“For where your treasure is, there also will your heart be.” (Matthew 6:21)

(an excerpt from “Christ the Ideal Monk” by Blessed Columba Marmion)

We were made to be happy; the human heart has a capacity for the infinite; only God can fully satisfy us. “Thou didst make us for Thyself, O Lord, and our heart is restless until it finds its rest in Thee” (The Confessions of Saint Augustine, Book I, Chapter 1). This is why when we seek anything apart from God or from His Will, we do not find stable and perfect happiness.

It may be said that in any rather numerous religious community, different categories of souls are to be met with. You will see some living in continual gladness. Their inward joy radiates outwardly. I am not now speaking of that sensible joy which often depends upon the temperament, the state of health, or of circumstances independent of the will, but of joy abiding in the depth of the soul which is like a foretaste of heavenly bliss.

Have these souls then never any trials? Have they no conflicts to sustain, nor contradictions to undergo? Certainly they have, for each disciple of Jesus Christ has to carry his cross (cf. Luke 9:23); but the fervour of grace and divine unction make them endure these sufferings joyfully. Other souls do not feel this gladness; inwardly, and often even outwardly, they are troubled, distressed, unhappy. Whence comes this difference?

Because the first seek God in all things, and seeking Him alone they find Him everywhere, and, with Him, supreme good and unchanging bliss…. The others are either attached to created things or seek themselves, by egotism, self-love, levity; and it is themselves too that they find—themselves, that is to say nothingness, and this cannot content them, for the soul, created for God thirsts after perfect good.

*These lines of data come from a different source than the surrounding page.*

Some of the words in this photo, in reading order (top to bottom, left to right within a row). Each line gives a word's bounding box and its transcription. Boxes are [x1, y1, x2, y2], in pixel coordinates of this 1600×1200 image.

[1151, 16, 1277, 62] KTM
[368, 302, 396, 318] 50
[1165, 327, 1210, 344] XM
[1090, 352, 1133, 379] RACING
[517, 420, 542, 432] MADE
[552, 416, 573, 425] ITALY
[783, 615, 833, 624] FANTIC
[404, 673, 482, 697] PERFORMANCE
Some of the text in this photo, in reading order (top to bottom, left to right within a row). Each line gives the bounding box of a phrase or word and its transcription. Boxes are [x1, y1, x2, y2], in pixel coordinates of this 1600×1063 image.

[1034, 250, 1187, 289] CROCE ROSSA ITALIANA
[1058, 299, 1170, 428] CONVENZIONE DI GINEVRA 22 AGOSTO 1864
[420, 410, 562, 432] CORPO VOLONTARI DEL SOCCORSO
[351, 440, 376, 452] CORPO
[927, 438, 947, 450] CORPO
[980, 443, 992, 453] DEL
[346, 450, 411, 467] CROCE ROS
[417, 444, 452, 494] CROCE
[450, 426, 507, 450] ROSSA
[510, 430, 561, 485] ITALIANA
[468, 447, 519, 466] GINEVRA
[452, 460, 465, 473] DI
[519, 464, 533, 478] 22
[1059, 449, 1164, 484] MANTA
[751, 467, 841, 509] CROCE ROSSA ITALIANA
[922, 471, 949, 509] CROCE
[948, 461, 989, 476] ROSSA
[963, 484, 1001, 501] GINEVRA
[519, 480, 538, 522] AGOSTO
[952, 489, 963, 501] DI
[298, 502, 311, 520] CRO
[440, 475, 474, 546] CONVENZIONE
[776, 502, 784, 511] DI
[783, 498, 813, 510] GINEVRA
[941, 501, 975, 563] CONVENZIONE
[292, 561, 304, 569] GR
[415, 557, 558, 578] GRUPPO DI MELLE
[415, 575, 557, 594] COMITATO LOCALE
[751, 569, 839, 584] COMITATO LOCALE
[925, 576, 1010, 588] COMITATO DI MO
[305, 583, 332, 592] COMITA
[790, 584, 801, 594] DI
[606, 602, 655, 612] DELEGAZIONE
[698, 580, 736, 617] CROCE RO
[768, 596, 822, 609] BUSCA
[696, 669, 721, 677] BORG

“What fills your mind? Where your thoughts naturally turn, there is your treasure, there is your heart. If it is God, you are happy; if it is anything mortal, unceasingly consumed by rust, corruption, mortality, your treasure will escape you, and your heart will remain poor and arid.” (Bishop Jacques-Bénigne Bossuet, “The Sermon on the Mount”, 29th Day)….

But when the soul seeks God, and seeks Him alone, when it tends towards Him with all its energies, when it clings to no created thing, God fills it with joy, with that overflowing joy of which St. Benedict speaks when he says that in the measure wherein faith, and with it hope and love, increase in the soul of the monk, he runs, “with heart enlarged and unspeakable sweetness of love, in the way of God’s commandments” (The Holy Rule of St. Benedict, Prologue).

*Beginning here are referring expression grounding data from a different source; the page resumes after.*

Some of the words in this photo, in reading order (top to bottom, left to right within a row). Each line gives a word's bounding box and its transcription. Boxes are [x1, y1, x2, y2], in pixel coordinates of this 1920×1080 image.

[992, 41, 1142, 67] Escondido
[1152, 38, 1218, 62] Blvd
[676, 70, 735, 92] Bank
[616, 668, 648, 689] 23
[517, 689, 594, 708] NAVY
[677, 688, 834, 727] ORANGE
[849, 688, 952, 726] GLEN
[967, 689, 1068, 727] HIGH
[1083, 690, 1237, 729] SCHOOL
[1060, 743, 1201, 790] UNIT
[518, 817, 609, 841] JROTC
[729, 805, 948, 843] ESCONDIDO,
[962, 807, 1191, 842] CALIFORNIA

Jesus is crowned with thorns.

Before Christ crucified we [remember] that, in contrast to the overflowing grace which makes the Church “holy”, we her children are deeply marked by sin, and cast a shadow upon the face of the Bride of Christ: no self-exaltation therefore but a deep sense of our limitations and weaknesses. Yet we cannot but be filled with joy, with that inner joy to which the Prophet [Isaiah] calls us, a joy rich in thanksgiving and praise, because it is based on our awareness of the gifts received and our certainty of Christ’s enduring love.

Saint John Paul II, on January 6, 2001

consecratedhearts

A child of Jesus and Mary.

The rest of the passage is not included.